Records drawn from a dataset:

□ □ □ □ □

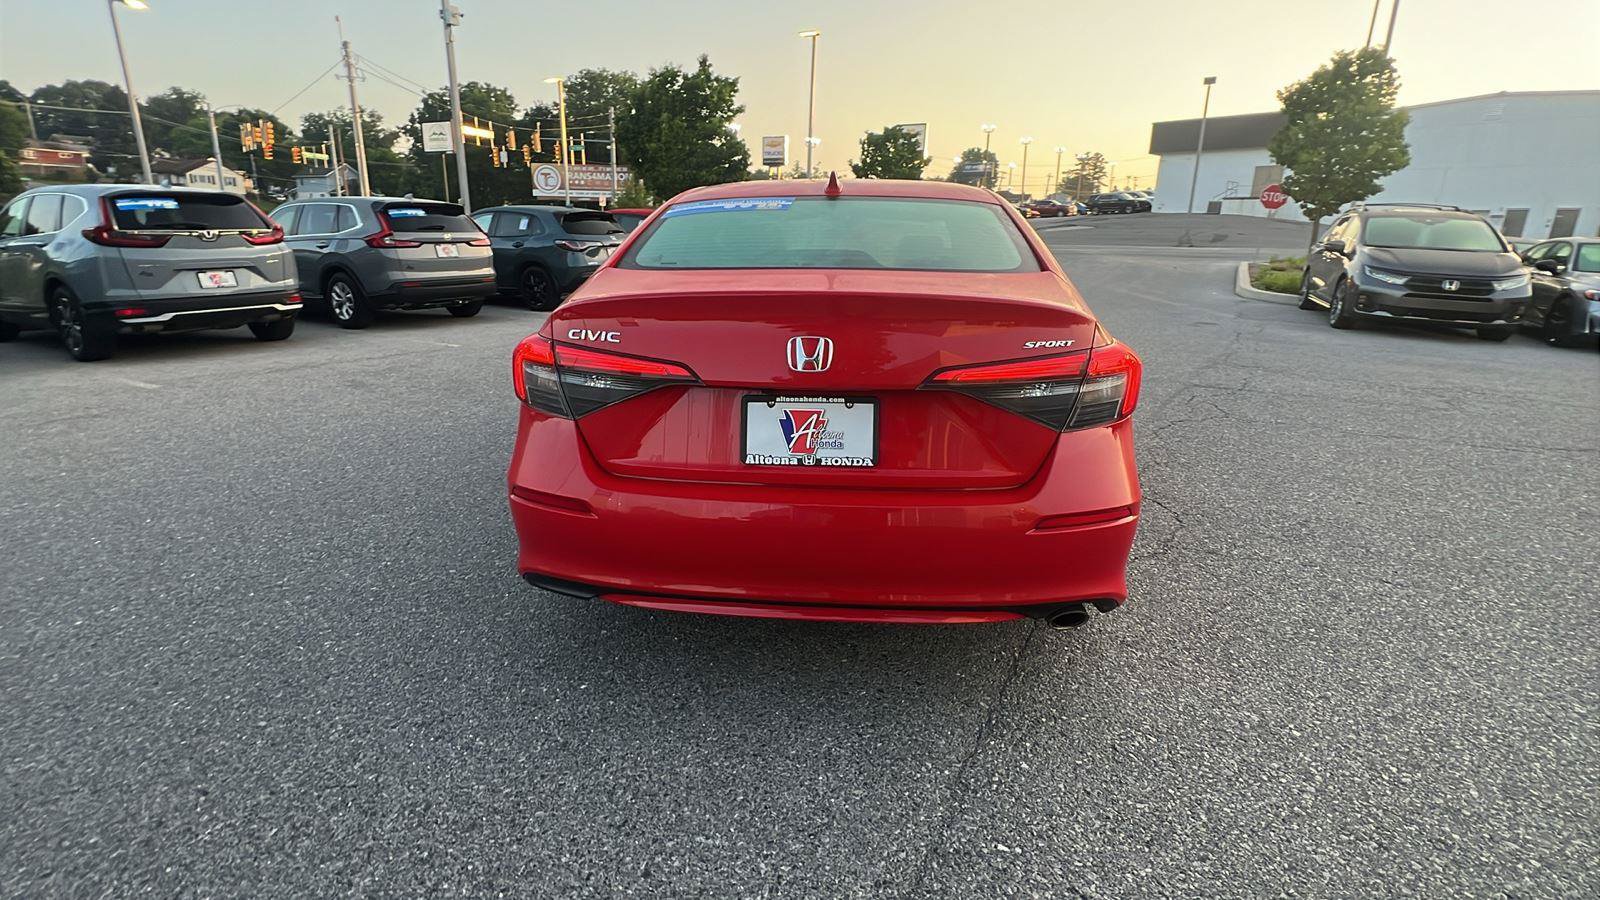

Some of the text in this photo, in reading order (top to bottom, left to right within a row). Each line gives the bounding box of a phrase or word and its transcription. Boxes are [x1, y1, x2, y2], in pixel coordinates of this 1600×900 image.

[1262, 192, 1288, 203] STOP
[568, 329, 621, 343] CIVIC
[1023, 340, 1076, 349] SPORT
[775, 396, 845, 404] altoonahonda.com
[811, 438, 844, 450] Honda
[745, 453, 798, 465] Altoona
[820, 457, 874, 467] HONDA

□ □ □ □ □

Pictures are to be dropped, and the remaining data set down exactly.

- **TASK ANSWER**:
Some of the text in this photo, in reading order (top to bottom, left to right within a row). Each line gives the bounding box of a phrase or word and its transcription. Boxes are [x1, y1, x2, y2], in pixel coordinates of this 1600×900 image.

[1262, 192, 1288, 203] STOP
[568, 329, 621, 343] CIVIC
[1023, 340, 1076, 349] SPORT
[775, 396, 845, 404] altoonahonda.com
[811, 438, 844, 450] Honda
[745, 453, 798, 465] Altoona
[820, 457, 874, 467] HONDA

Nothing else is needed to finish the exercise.